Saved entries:
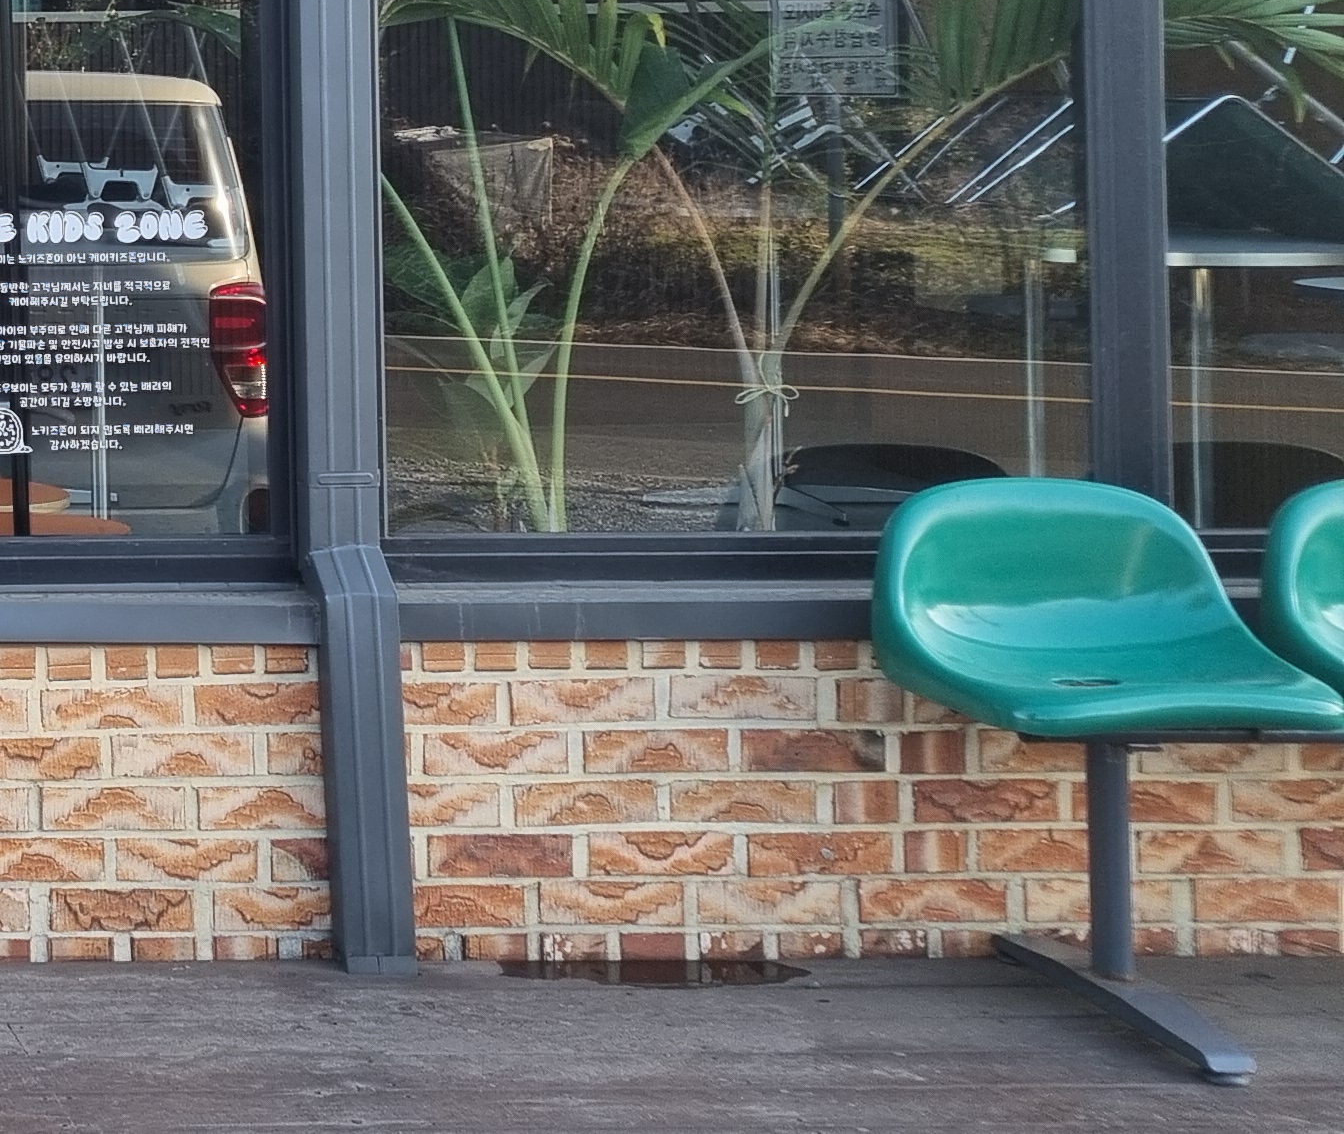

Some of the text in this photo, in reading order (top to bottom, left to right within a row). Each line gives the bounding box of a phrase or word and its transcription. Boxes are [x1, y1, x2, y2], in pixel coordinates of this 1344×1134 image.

[27, 211, 104, 243] KIDS
[114, 209, 208, 243] ZONE
[18, 253, 63, 264] 노키즈존이
[66, 252, 86, 263] 아닌
[89, 251, 171, 263] 케어키즈존입니다.
[0, 282, 30, 294] 동반한
[32, 281, 91, 293] 고객님께서는
[92, 281, 122, 293] 자녀를
[124, 280, 171, 292] 적극적으로
[8, 295, 133, 308] 케어해주시길 부탁드립니다.
[29, 324, 66, 336] 부주의로
[69, 324, 90, 335] 인해
[92, 323, 112, 335] 다른
[114, 323, 154, 335] 고객님께
[156, 323, 188, 334] 피해가
[8, 339, 46, 351] 기물파손
[48, 339, 58, 351] 및
[61, 338, 100, 350] 안전사고
[103, 338, 124, 350] 발생
[126, 338, 137, 348] 시
[139, 337, 178, 349] 보호자의
[24, 353, 52, 365] 있음을
[54, 353, 103, 364] 유의하시기
[106, 352, 151, 363] 바랍니다.
[40, 382, 68, 393] 모두가
[70, 381, 92, 393] 함께
[108, 381, 117, 393] 수
[119, 381, 139, 392] 있는
[141, 381, 172, 392] 배려의
[19, 396, 127, 408] 공간이 되길 소망합니다.
[31, 425, 77, 436] 노키즈존이
[80, 425, 100, 436] 되지
[103, 424, 131, 436] 않도록
[49, 439, 123, 451] 감사하겠습니다.
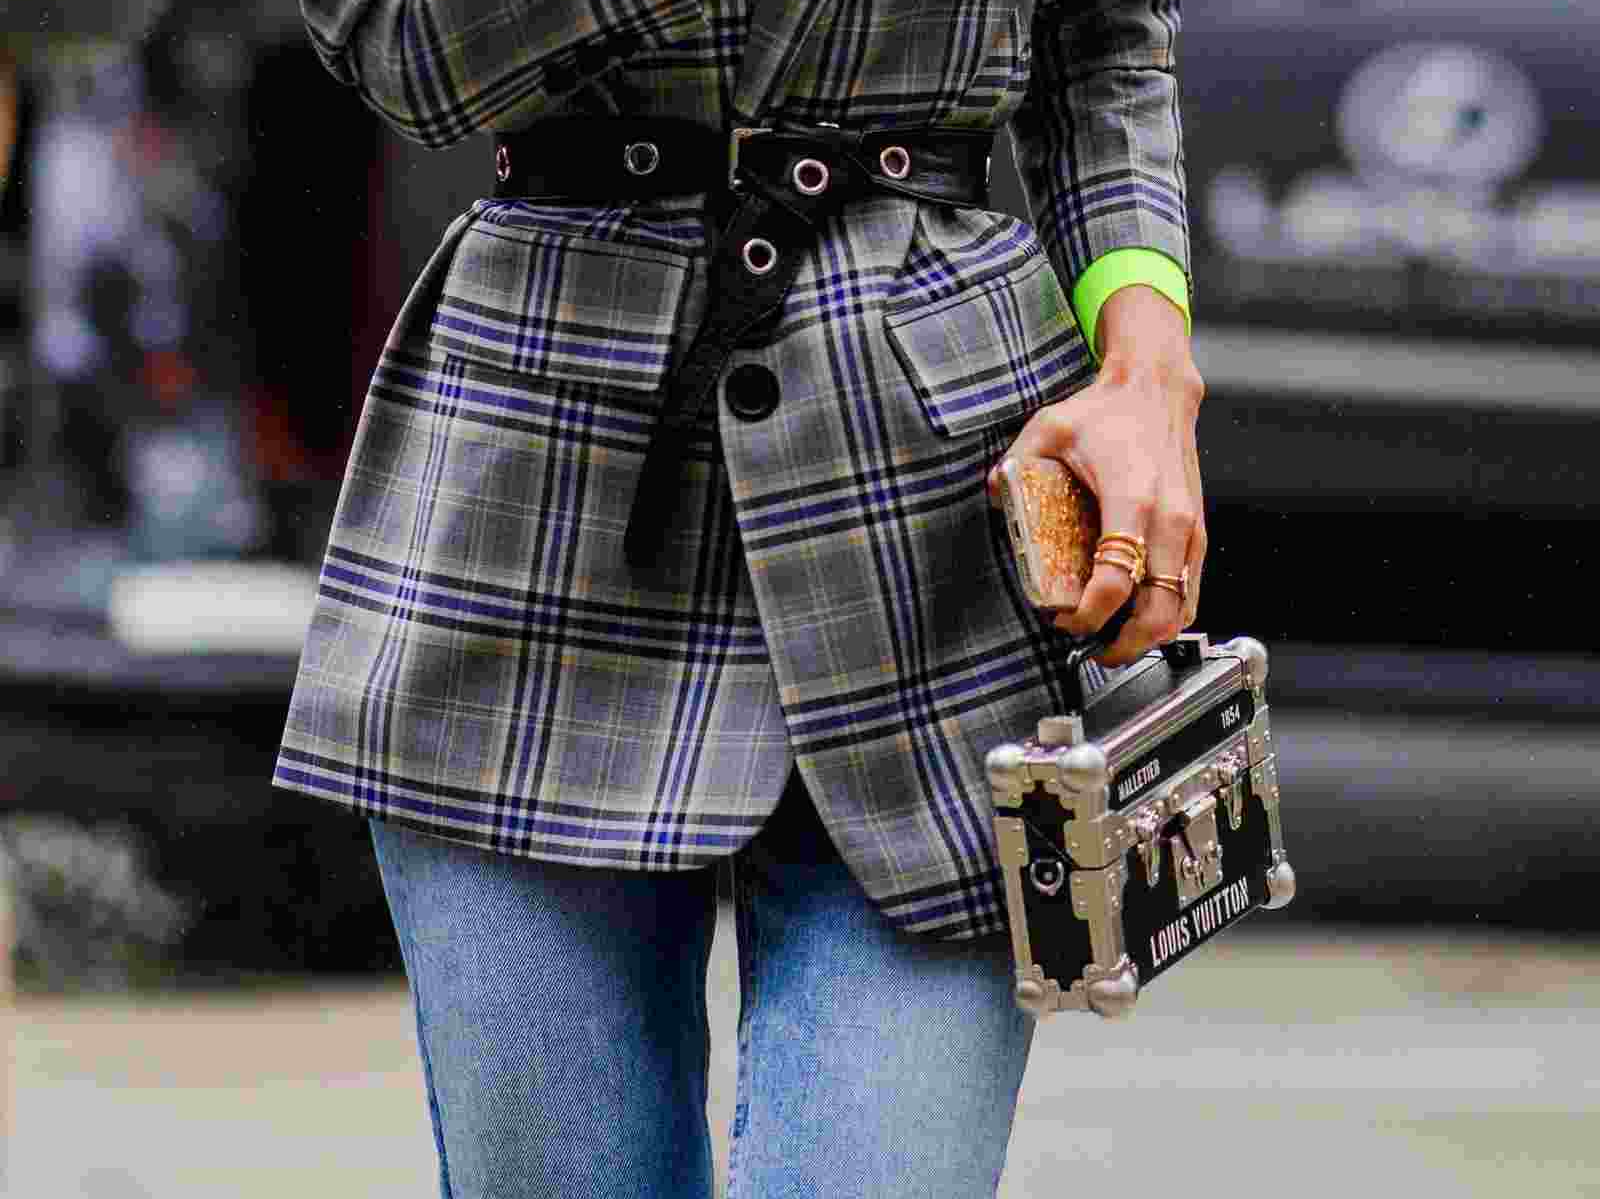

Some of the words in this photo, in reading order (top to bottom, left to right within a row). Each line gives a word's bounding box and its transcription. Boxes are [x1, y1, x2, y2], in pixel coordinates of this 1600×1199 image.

TRY IT: With the pictures removed, print the entries above exactly.

WRITTEN ANSWER:
Some of the text in this photo, in reading order (top to bottom, left to right within a row). Each line gives the bounding box of a phrase or word and its transcription. Boxes are [x1, y1, x2, y2], in pixel coordinates of this 1344×1134 image.

[27, 211, 104, 243] KIDS
[114, 209, 208, 243] ZONE
[18, 253, 63, 264] 노키즈존이
[66, 252, 86, 263] 아닌
[89, 251, 171, 263] 케어키즈존입니다.
[0, 282, 30, 294] 동반한
[32, 281, 91, 293] 고객님께서는
[92, 281, 122, 293] 자녀를
[124, 280, 171, 292] 적극적으로
[8, 295, 133, 308] 케어해주시길 부탁드립니다.
[29, 324, 66, 336] 부주의로
[69, 324, 90, 335] 인해
[92, 323, 112, 335] 다른
[114, 323, 154, 335] 고객님께
[156, 323, 188, 334] 피해가
[8, 339, 46, 351] 기물파손
[48, 339, 58, 351] 및
[61, 338, 100, 350] 안전사고
[103, 338, 124, 350] 발생
[126, 338, 137, 348] 시
[139, 337, 178, 349] 보호자의
[24, 353, 52, 365] 있음을
[54, 353, 103, 364] 유의하시기
[106, 352, 151, 363] 바랍니다.
[40, 382, 68, 393] 모두가
[70, 381, 92, 393] 함께
[108, 381, 117, 393] 수
[119, 381, 139, 392] 있는
[141, 381, 172, 392] 배려의
[19, 396, 127, 408] 공간이 되길 소망합니다.
[31, 425, 77, 436] 노키즈존이
[80, 425, 100, 436] 되지
[103, 424, 131, 436] 않도록
[49, 439, 123, 451] 감사하겠습니다.

Some of the words in this photo, in reading order (top to bottom, left to right within a row). Each line gives a word's bounding box and its transcription. Boxes are [x1, y1, x2, y2], in pixel coordinates of this 1600×1199 image.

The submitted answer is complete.